I encourage you to begin working on a schedule that takes these questions into consideration. The holidays can be a happy, relaxing time but may need some extra thought and planning for those with bipolar disorder.

For more bipolar support, book a session by clicking here.

How Guided Imagery and Music can transform your life

self-compassion, the perfect gift, therapy, music therapy, own your life, write your own song, spiritual transformation, growth, healing, address trauma, inner child, relationship work, resilience, reduce anxiety, address self-harm, avoid self-sabotage, know yourself, know thyself, music and consciousness,psychonaut, psychedelics, guidance, music therapy south africa, music tehrapy cape town, music tehrapy, melissa ellse, self-development work, teen therpist, creative process, process work, intensive process work, depression, anxiety, Jungian, shamanism, Shaman
Book a transformative session in the leafy Southern Suburbs of Cape Town, South Africa. Be kind to yourself, or offer the gift of self -compassion, creative exploration and self-discovery to a loved one. The Bonny Guided Imagery of Music (BMGIM) is a form of music and image based psychotherapy that requires extensive training in mythical, pathological, archetypal, practical and other modules over three years. The qualification has it’s roots in the psychedelic experimentation and training that took pace in the 50s and 60s in labs in the United States, effective therapeutic modalities which are being resurrected now. BMGIM (The Bonny Method of Guided Imagery and Music), emerging out of this field and growing exponentially, borrows language such as ‘Guide’ and ‘Traveller’ and even ‘Journey’. Travellers are likely to experience altered states of consciousness, unlike a drug-induces state (far more controlled than a drug-induced state) yet still reap the benefits of accessing deeply unconscious, sometimes mythological and archetypal material. Currently, I am in advanced training in BMGIM and find that my client’s BMGIM encounters are potent and hold tranformative potential, as well as the potential for deep rest, growth and healing.

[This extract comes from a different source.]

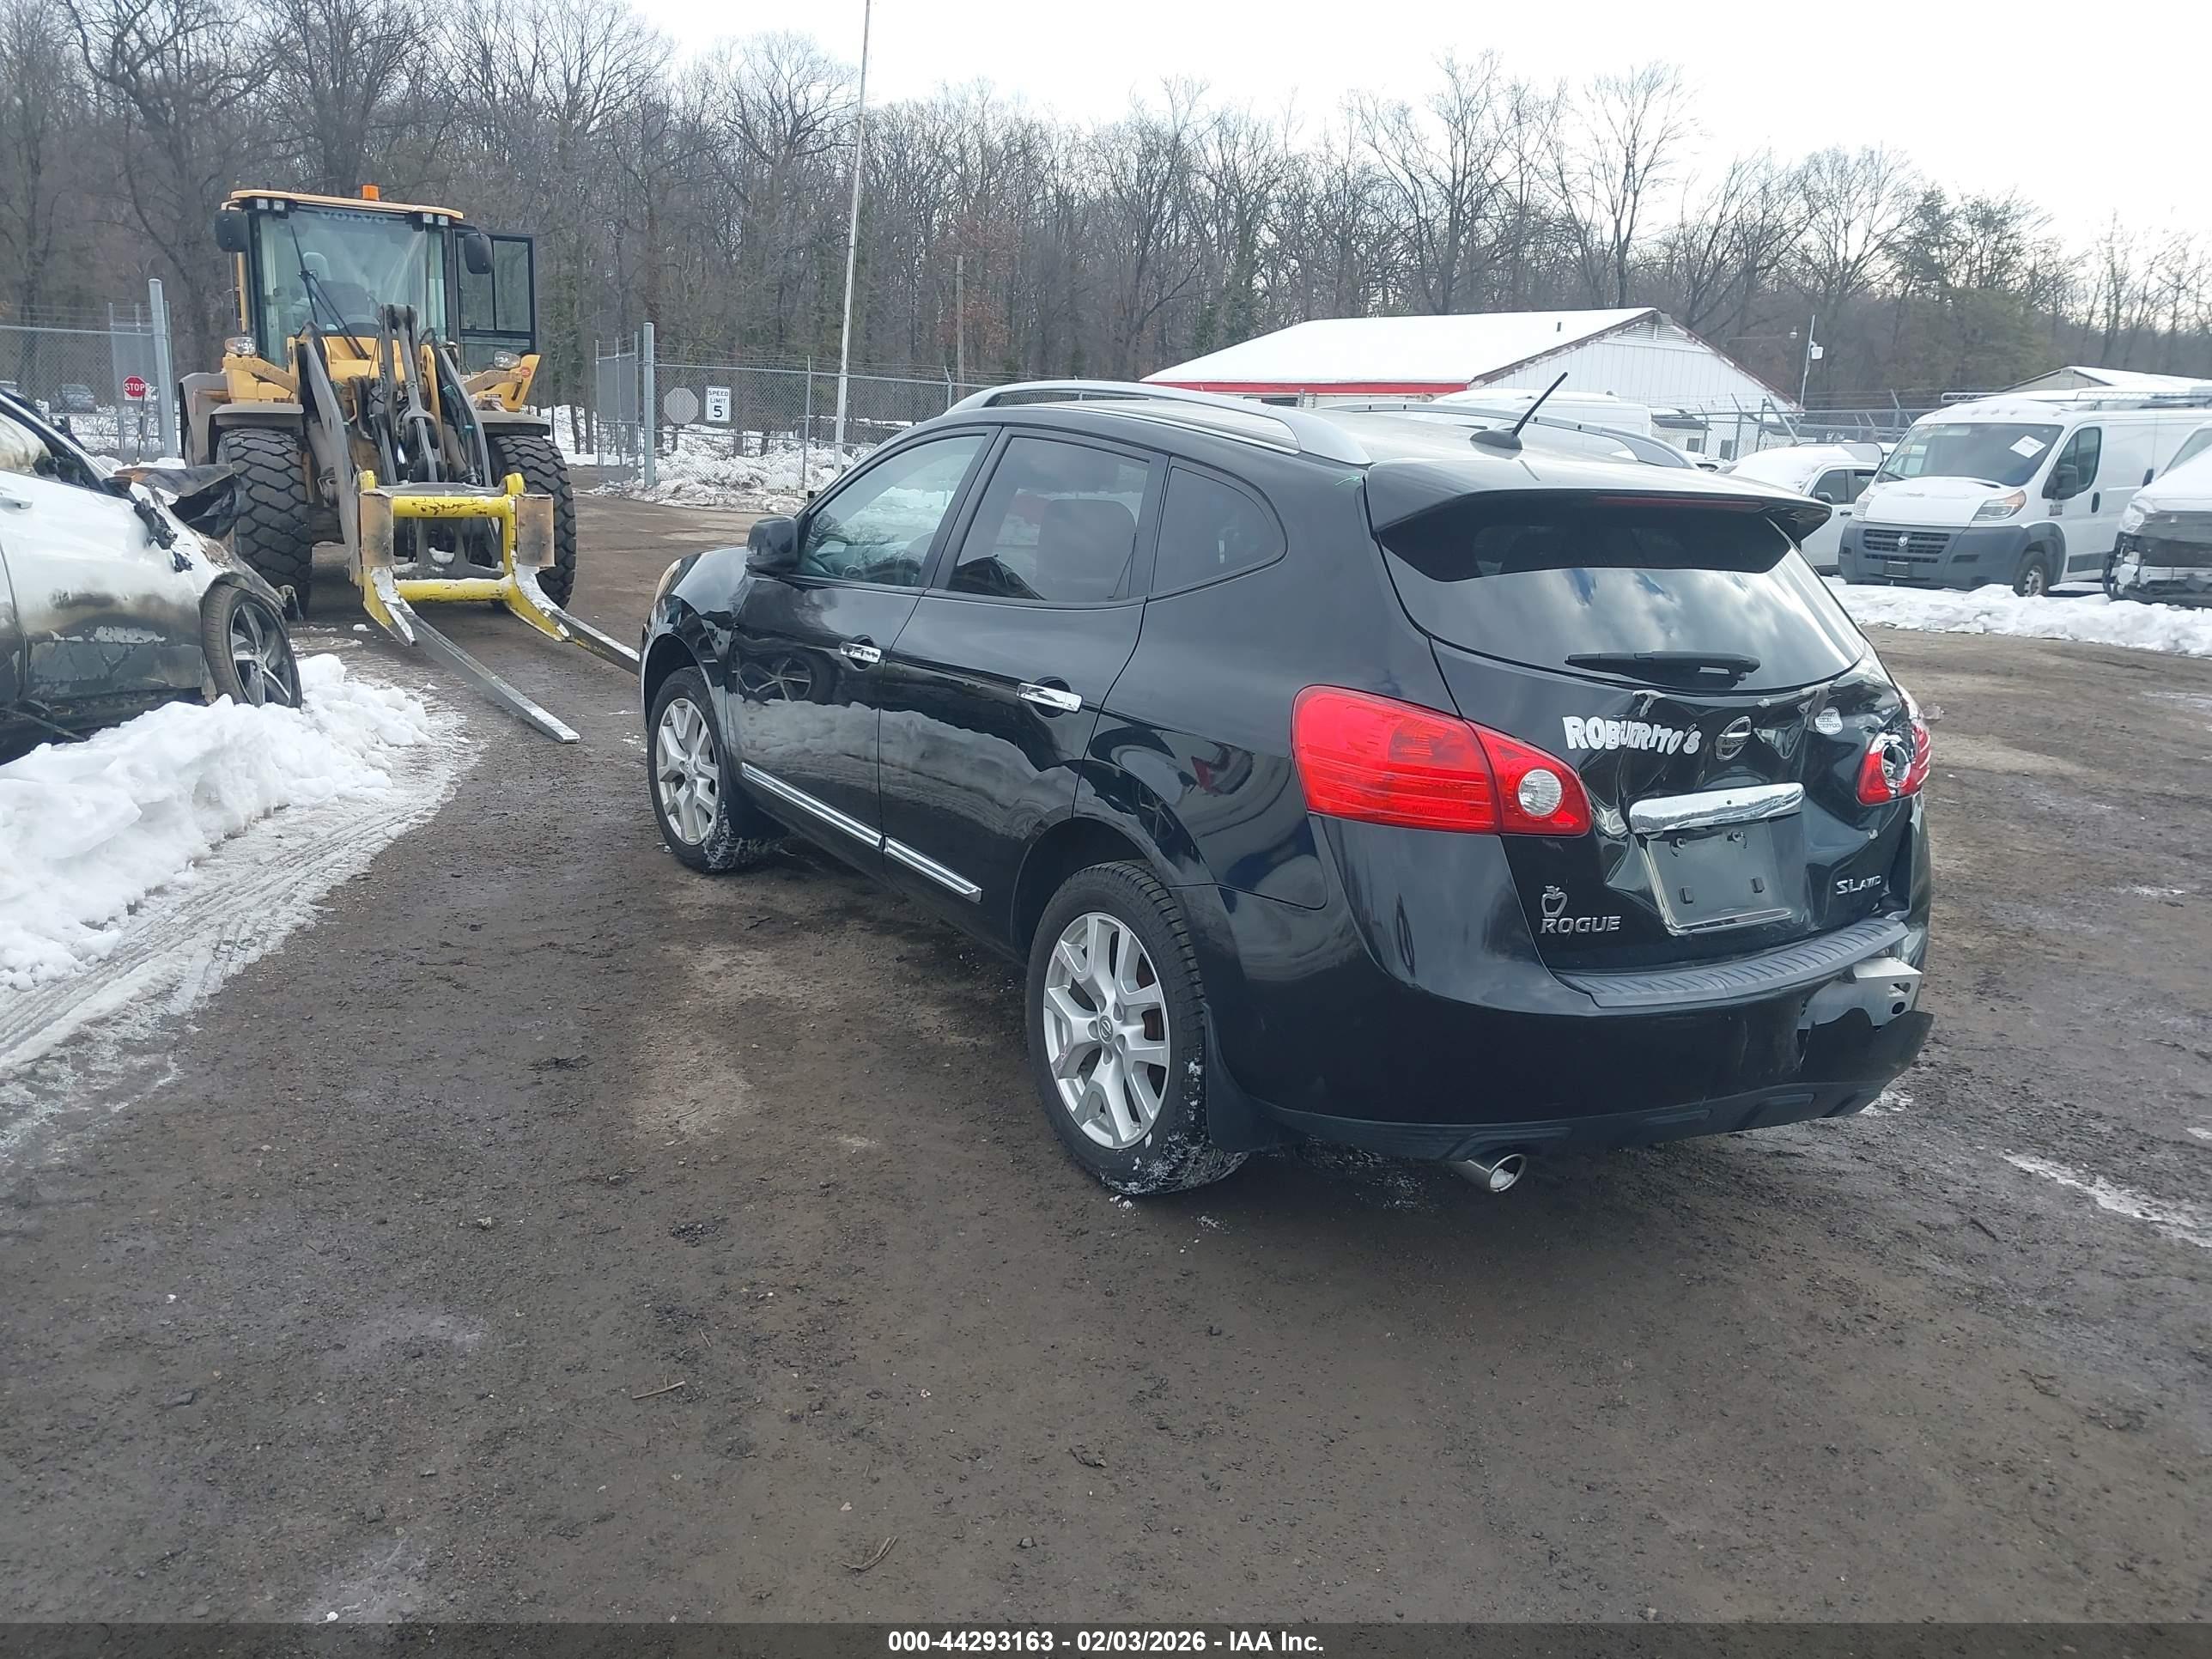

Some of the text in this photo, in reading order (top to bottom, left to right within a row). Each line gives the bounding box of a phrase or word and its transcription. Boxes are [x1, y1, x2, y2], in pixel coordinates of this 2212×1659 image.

This topic is certain to be discussed at the upcoming World Congress of Music Therapy in Pretoria at The University of Pretoria in 2020.
.
Guided imagery is for adults and most teens, men and women. If you are unsure whether it is for you or are interested in finding out more about this transformative and creative way of working, contact me: https://melissaellse.co.za/contact/
Please note, no previous ‘creative endeavours’ are necessary, such as art or music etc. Come as you are.